**Information provided**:

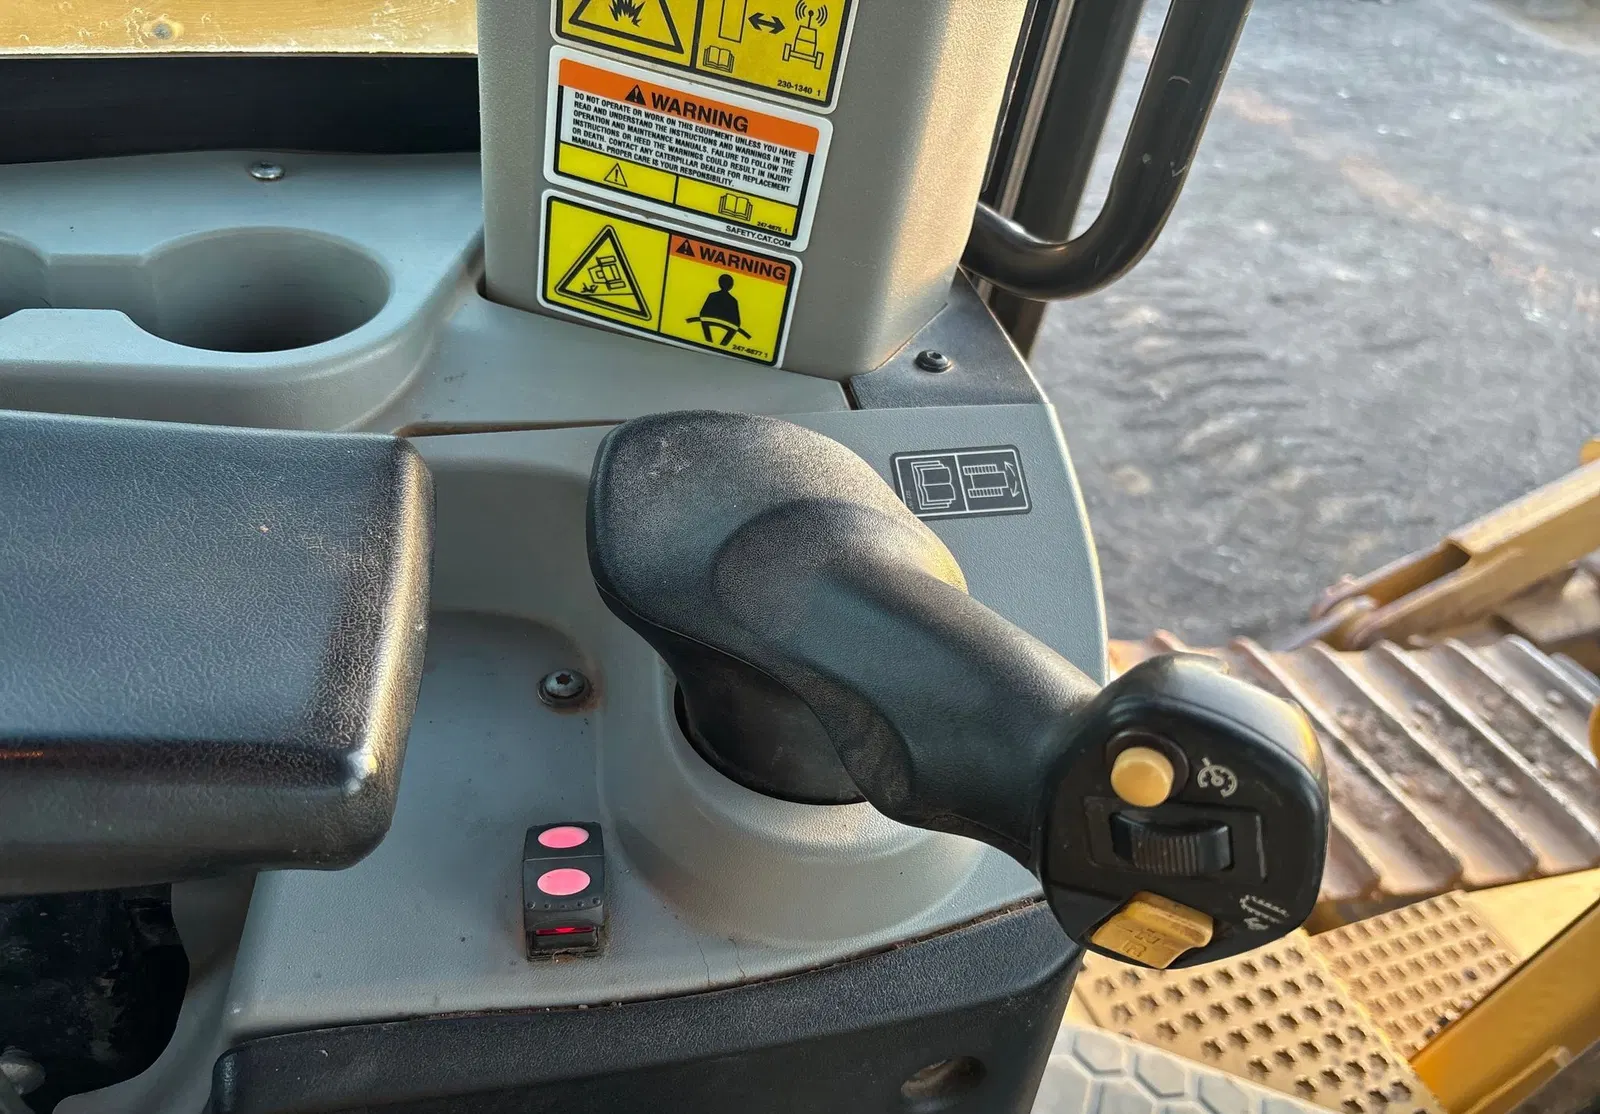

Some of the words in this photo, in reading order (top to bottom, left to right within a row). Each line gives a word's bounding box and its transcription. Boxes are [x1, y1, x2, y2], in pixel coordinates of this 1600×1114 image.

[651, 91, 749, 133] WARNING
[777, 79, 813, 94] 230-1340
[573, 118, 619, 137] INSTRUCTIONS
[622, 132, 631, 140] OR
[634, 135, 650, 145] HEED
[653, 140, 665, 149] THE
[668, 144, 703, 159] WARNINGS
[706, 155, 728, 166] COULD
[730, 161, 755, 173] RESULT
[767, 171, 791, 183] INJURY
[574, 101, 591, 111] READ
[593, 106, 606, 115] AND
[609, 110, 652, 128] UNDERSTAND
[655, 123, 667, 132] THE
[669, 127, 717, 145] INSTRUCTIONS
[719, 140, 733, 150] AND
[735, 145, 771, 160] WARNINGS
[782, 158, 795, 166] THE
[574, 110, 609, 125] OPERATION
[612, 120, 625, 129] AND
[628, 124, 673, 142] MAINTENANCE
[675, 137, 708, 152] MANUALS.
[711, 147, 738, 160] FAILURE
[740, 155, 749, 163] TO
[751, 158, 778, 171] FOLLOW
[780, 166, 793, 175] THE
[575, 92, 583, 100] DO
[586, 95, 599, 104] NOT
[602, 99, 630, 113] OPERATE
[633, 108, 642, 116] OR
[644, 111, 664, 122] WORK
[666, 117, 675, 125] ON
[678, 120, 693, 130] THIS
[695, 125, 733, 141] EQUIPMENT
[735, 136, 761, 148] UNLESS
[763, 144, 777, 153] YOU
[779, 148, 796, 158] HAVE
[572, 127, 581, 135] OR
[584, 130, 606, 142] DEATH.
[609, 137, 638, 151] CONTACT
[640, 146, 653, 155] ANY
[655, 150, 698, 167] CATERPILLAR
[700, 162, 725, 174] DEALER
[727, 169, 741, 178] FOR
[743, 173, 789, 191] REPLACEMENT
[572, 136, 604, 151] MANUALS.
[607, 146, 632, 158] PROPER
[634, 153, 650, 163] CARE
[660, 160, 678, 170] YOUR
[680, 166, 734, 186] RESPONSIBILITY.
[700, 246, 786, 281] WARNING
[725, 225, 792, 248] SAFETY.CAT.COM

**Task details**:
Within the records above, each line containing "INSTRUCTIONS" is to be returned.

**Output for this task**:
[573, 118, 619, 137] INSTRUCTIONS
[669, 127, 717, 145] INSTRUCTIONS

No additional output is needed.